Dataset entries:
__________
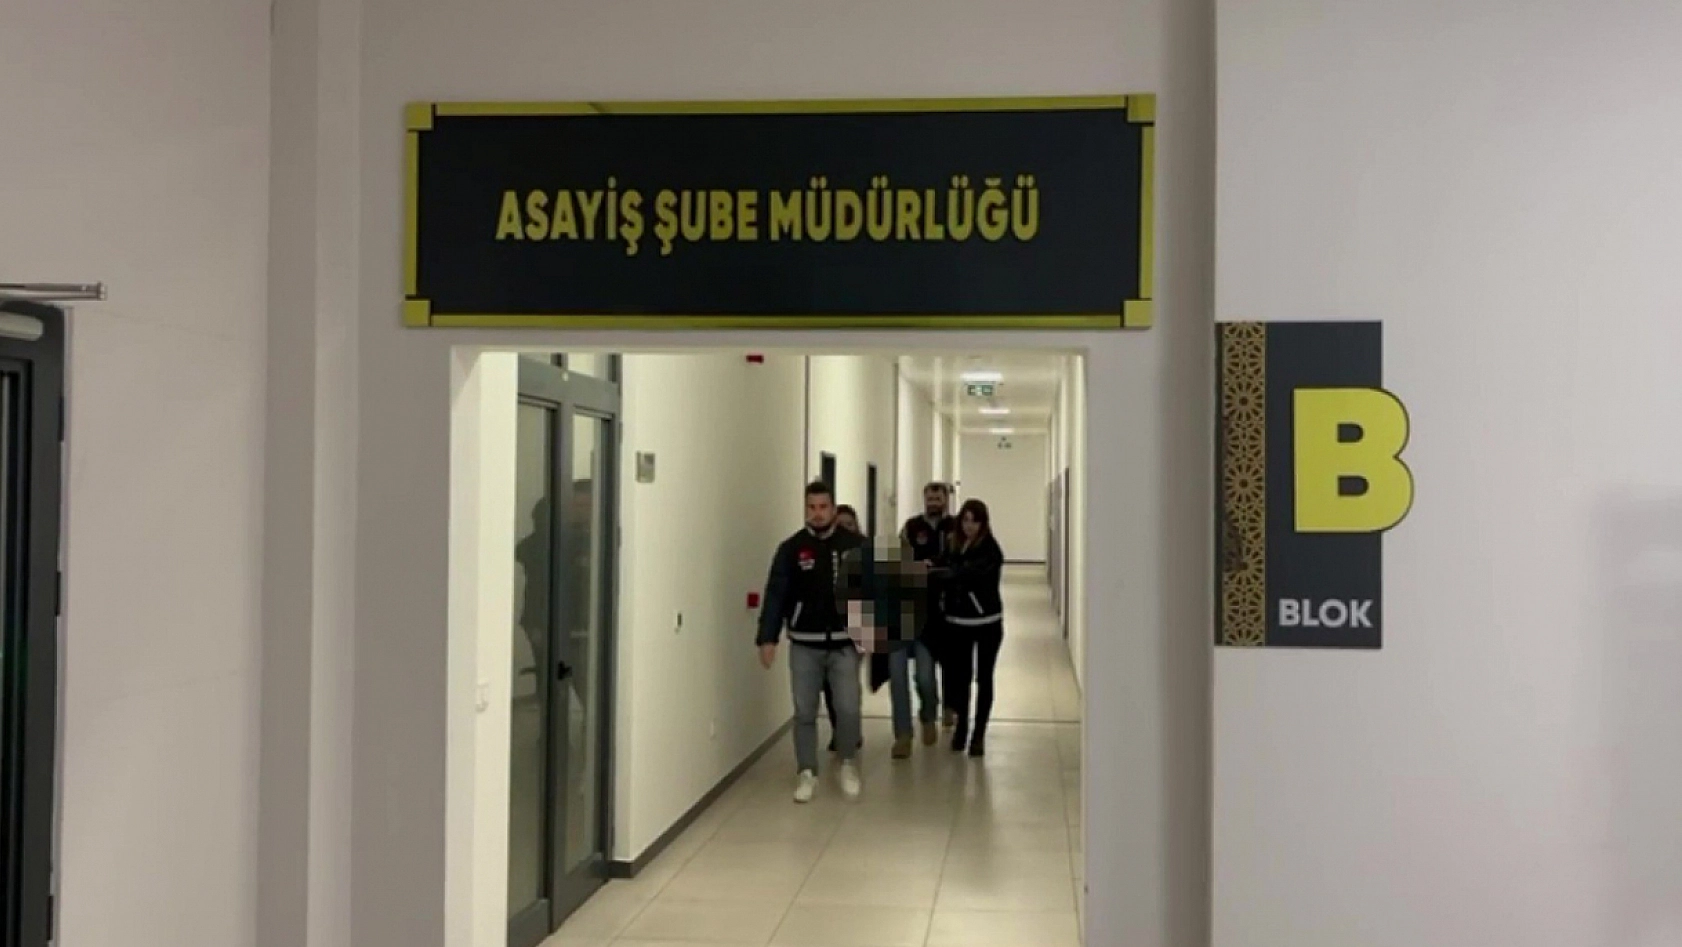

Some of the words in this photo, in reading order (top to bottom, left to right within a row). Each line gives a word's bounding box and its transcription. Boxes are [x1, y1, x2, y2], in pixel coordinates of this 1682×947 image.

[496, 177, 644, 256] ASAYİŞ
[654, 190, 758, 256] ŞUBE
[769, 175, 1039, 241] MÜDÜRLÜĞÜ
[1293, 388, 1414, 532] B
[1277, 598, 1374, 629] BLOK
__________
**Activity**
The reply must hold each line of the records verbatim and no pictures.

**Task output**
Some of the words in this photo, in reading order (top to bottom, left to right within a row). Each line gives a word's bounding box and its transcription. Boxes are [x1, y1, x2, y2], in pixel coordinates of this 1682×947 image.

[496, 177, 644, 256] ASAYİŞ
[654, 190, 758, 256] ŞUBE
[769, 175, 1039, 241] MÜDÜRLÜĞÜ
[1293, 388, 1414, 532] B
[1277, 598, 1374, 629] BLOK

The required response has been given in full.